A partnership firm in India is governed by The Partnership Act, 1932. Two or more persons can form a Partnership susceptible to maximum of 20 partners. A partnership deed is prepared that details amazed capital each partner will contribute into the partnership. It also details how much profit/loss each partner will share. Working partners of the partnership are also allowed to draw a salary in accordance with The Indian Partnership Act. A partnership is also permitted to purchase assets in its name. However the one who owns such assets become the partners of the firm. A partnership may/may not be dissolved in case of death in regards to a partner. The partnership doesn’t really have its own legal standing although a unique Permanent Account Number (PAN) is allotted to the partnership. Partners of the firm have unlimited business liabilities which means their personal assets can be attached to meet business liability claims of the partnership firm. Also losses incurred as being a result act of negligence of one partner is liable for payment from every partner of the partnership firm.

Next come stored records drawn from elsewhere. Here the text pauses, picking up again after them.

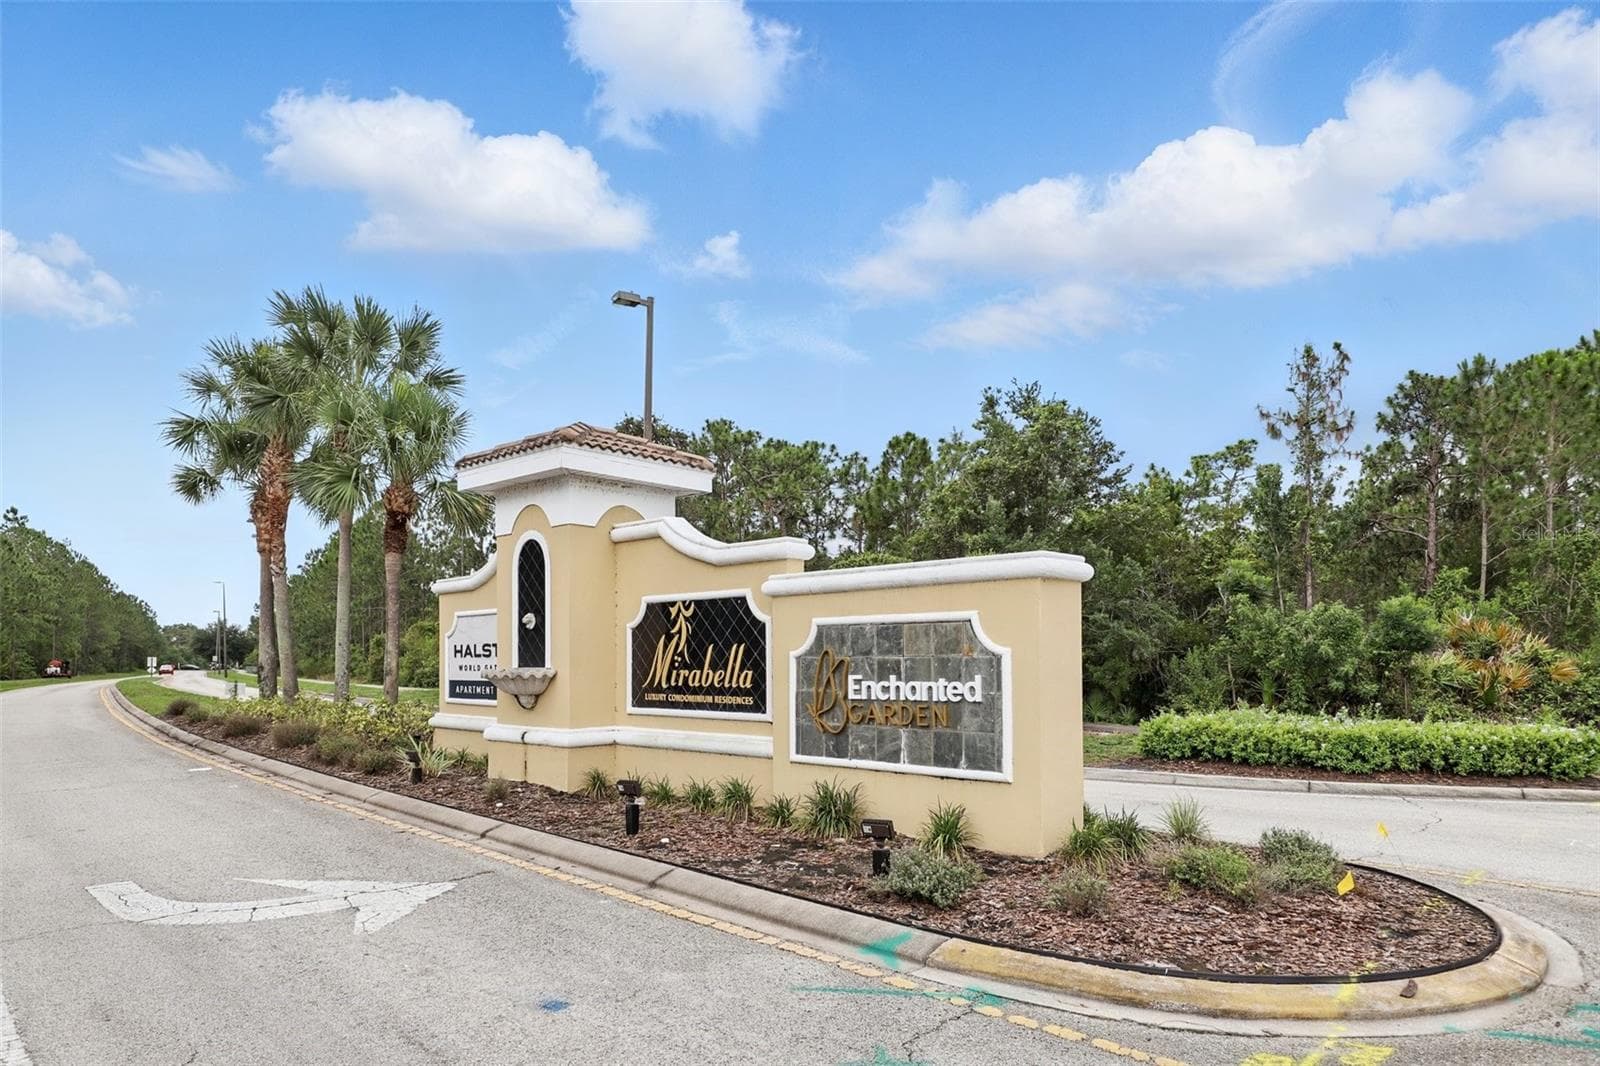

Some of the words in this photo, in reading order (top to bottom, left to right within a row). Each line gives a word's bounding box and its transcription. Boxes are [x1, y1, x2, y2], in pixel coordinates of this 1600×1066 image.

[642, 634, 753, 688] Mirabella
[645, 693, 666, 701] LUXURY
[667, 693, 713, 703] CONDOMINIUM
[714, 695, 754, 705] RESIDENCES
[847, 674, 982, 702] Enchanted
[850, 703, 949, 727] GARDEN

A partnership firm may or might not be registered with Registrar of Firms (ROF). Registration provides some legal protection to partners in case they have differences between them. Until a partnership deed is registered making use of ROF, it may not be treated as legal document. However, it doesn’t prevent either the Partnership firm from suing someone or someone suing the partnership firm in a court of law.

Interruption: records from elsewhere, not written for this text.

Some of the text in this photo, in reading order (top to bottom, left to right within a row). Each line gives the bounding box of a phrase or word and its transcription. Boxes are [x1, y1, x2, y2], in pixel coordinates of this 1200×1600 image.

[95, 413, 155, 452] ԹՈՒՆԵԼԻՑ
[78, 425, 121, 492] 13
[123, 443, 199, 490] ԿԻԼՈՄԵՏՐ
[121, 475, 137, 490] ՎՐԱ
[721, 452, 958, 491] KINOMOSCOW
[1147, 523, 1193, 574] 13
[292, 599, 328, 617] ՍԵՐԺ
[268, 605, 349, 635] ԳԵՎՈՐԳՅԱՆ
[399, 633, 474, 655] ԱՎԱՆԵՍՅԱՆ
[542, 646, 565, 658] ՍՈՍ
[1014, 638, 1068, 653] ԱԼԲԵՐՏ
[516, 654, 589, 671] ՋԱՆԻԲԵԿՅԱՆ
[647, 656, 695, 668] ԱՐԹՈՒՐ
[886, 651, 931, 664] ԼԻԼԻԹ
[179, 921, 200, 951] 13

Limited Liability Partnership

Limited Liability Partnership (Online LLP Registration Procedure India) firm is often a new associated with business entity established by an Act of the Parliament. LLP allows members to retain flexibility of ownership (similar to Partnership Firm) but provides a liability policy cover. The maximum liability of each partner inside LLP is limited to the extent of his/her purchase of the set. An LLP has its own Permanent Account Number (PAN) and legal status. LLP also provides protection to partners for illegal or unauthorized actions taken by other partners of the LLP. A private or Public Limited Company as well as Partnership Firms can be converted to a Limited Liability Partnership.

Private Limited Company

A Private Limited Company in India is significantly like a C-Corporation in north america. Private Limited Company allows its owners a subscription to company shares. On subscribing to shares, the owners (members) become shareholders belonging to the company. An exclusive Limited Company is a separate legal entity both in terms of taxation and also liability. Private liability of this shareholders is limited to their share finances. A private limited company could be formed by registering corporation name with appropriate Registrar of Companies (ROC). Draft of Memorandum of Association and Item of Association are set and signed by the promoters (initial shareholders) for this company. These are then sent to the Registrar along with applicable registration fees. Such company can have between 2 to 50 members. To look after the day-to-day activities within the company, Directors are appointed by the Shareholders. A personal Company has more compliance burden when compared to a Partnership and LLP. For example, the Board of Directors must meet every quarter and you ought to annual general meeting of Shareholders and Directors end up being called. Accounts of this company must be prepared in accordance with Taxes Act as well as Companies Act. Also Companies are taxed twice if income is to be distributed to Shareholders. Closing a Private Limited Company in India is a tedious process and requires many formalities to be completed.

One good side, Shareholders of such a Company will vary without affecting the operational or legal standing of the company. Generally Venture Capital investors prefer to invest in businesses have got Private Companies since it allows great a higher separation between ownership and processes.

Public Limited Company

Public Limited Company is a Private Company with no difference being that associated with shareholders of a typical Public Limited Company can be unlimited using a minimum seven members. A Public Company can be either submitted to a stock game or remain unlisted. A Listed Public Limited Company allows shareholders of the organization to trade its shares freely throughout the stock swapping. Such a company requires more public disclosures and compliance from brand new including appointment of independent directors throughout the board, public disclosure of books of accounts, cap of salaries of Directors and Ceo. As in the case associated with a Private Company, a Public Limited Company is also an independent legal person, its existence is not affected coming from the death, retirement or insolvency of some of its stakeholders.